This introduction to `reduce_sum`

copies directly from Richard McElreath’s Multithreading and Map-Reduce in Stan 2.18.0: A Minimal Example.

**Note:** This has been rewritten to use unnormalized distribution functions ( `_lupdf˙/˙_lupmf`

) which requires Cmdstan 2.25 or newer.

Cmdstan 2.23 introduced `reduce_sum`

, a new way to parallelize the execution of a single Stan chain across multiple cores. This is in addition to the already existing `map_rect`

utility, and introduces a number of features that make it easier to use parallelism:

- More flexible argument interface, avoiding the packing and unpacking that is necessary with
`map_rect`

. - Partitions data for parallelization automatically (this is done manually in
`map_rect`

). - Is easier to use.

This tutorial will highlight these new features and demonstrate how to use `reduce_sum`

on a simple logistic regression using `cmdstanr`

.

Modifying a Stan model for use with `reduce_sum`

has three steps.

Identify the portion of the model that you want to parallelize.

`reduce_sum`

is design specifically for speeding up log likelihood evaluations that are composed of a number of conditionally independent terms that can be computed in parallel then added together.Write a partial sum function that can compute a given number of terms in that sum. Pass this function (and other necessary arguments) to a call to

`reduce_sum`

.Configure your compiler to enable multithreading. Then compile and sample as usual.

To demonstrate this process, we’ll first build a model first without `reduce_sum`

, identify the part to be parallelized, and then work out how to use `reduce_sum`

to parallelize it.

Let’s consider a simple logistic regression. We’ll use a reasonably large amount of data, the football red card data set from the recent crowdsourced data analysis project (https://psyarxiv.com/qkwst/). This data table contains 146,028 player-referee dyads. For each dyad, the table records the total number of red cards the referee assigned to the player over the observed number of games.

`RedcardData.csv`

is provided in the repository here. Load the data in R, and let’s take a look at the distribution of red cards:

```
d <- read.csv("RedcardData.csv", stringsAsFactors = FALSE)
table(d$redCards)
```

```
##
## 0 1 2
## 144219 1784 25
```

The vast majority of dyads have zero red cards. Only 25 dyads show 2 red cards. These counts are our inference target.

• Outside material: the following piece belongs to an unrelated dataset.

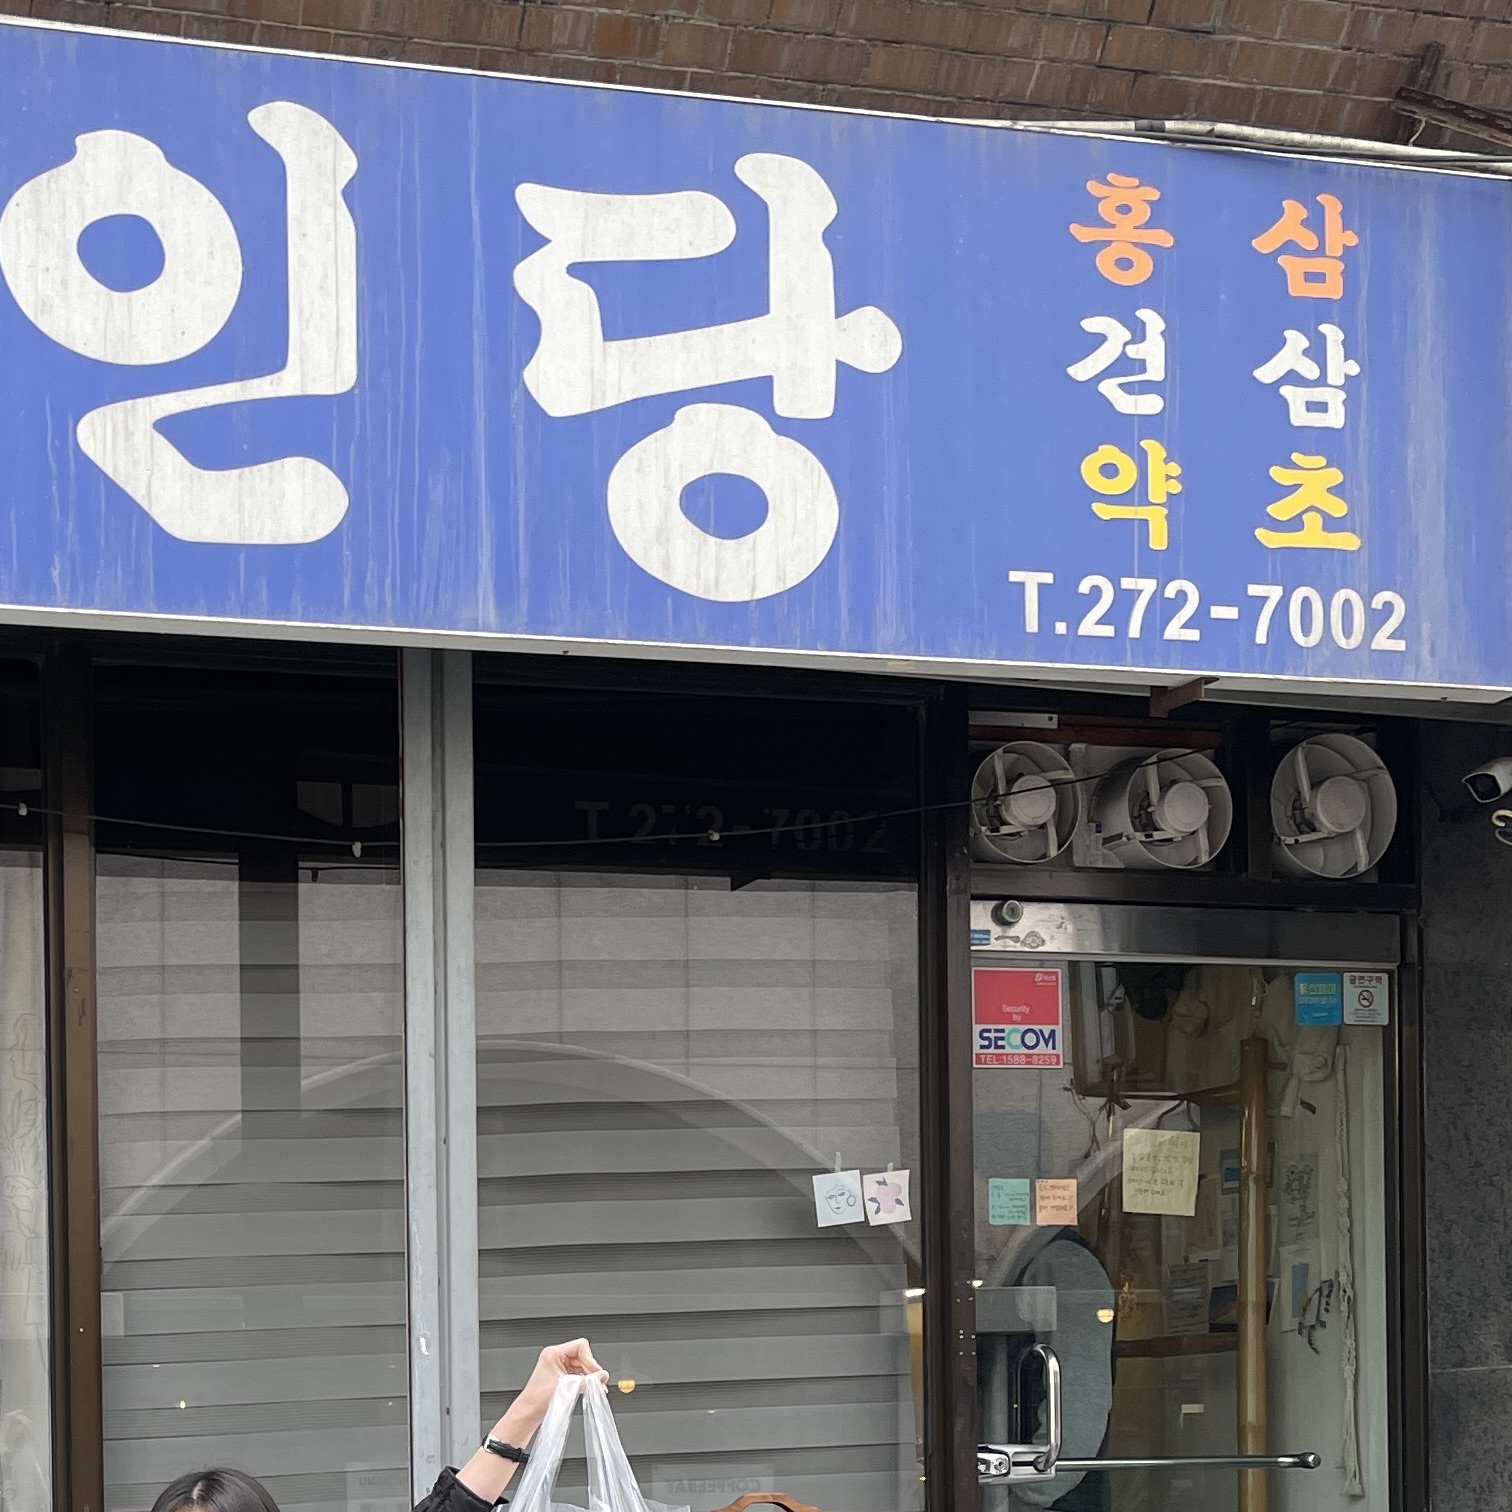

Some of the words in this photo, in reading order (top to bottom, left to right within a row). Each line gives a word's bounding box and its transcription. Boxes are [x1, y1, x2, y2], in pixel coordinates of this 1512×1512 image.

[1068, 172, 1360, 300] 홍삼
[1079, 438, 1362, 551] 약초
[1007, 570, 1408, 652] T.272-7002
[978, 1027, 1057, 1051] SECOM

The motivating hypothesis behind these data is that referees are biased against darker skinned players. So we’re going to try to predict these counts using the skin color ratings of each player. Not all players actually received skin color ratings in these data, so let’s reduce down to dyads with ratings:

```
d2 <- d[!is.na(d$rater1),]
redcard_data <- list(n_redcards = d2$redCards, n_games = d2$games, rating = d2$rater1)
redcard_data$N <- nrow(d2)
```

This leaves us with 124,621 dyads to predict.

At this point, you are thinking: “But there are repeat observations on players and referees! You need some cluster variables in there in order to build a proper multilevel model!” You are right. But let’s start simple. Keep your partial pooling on idle for the moment.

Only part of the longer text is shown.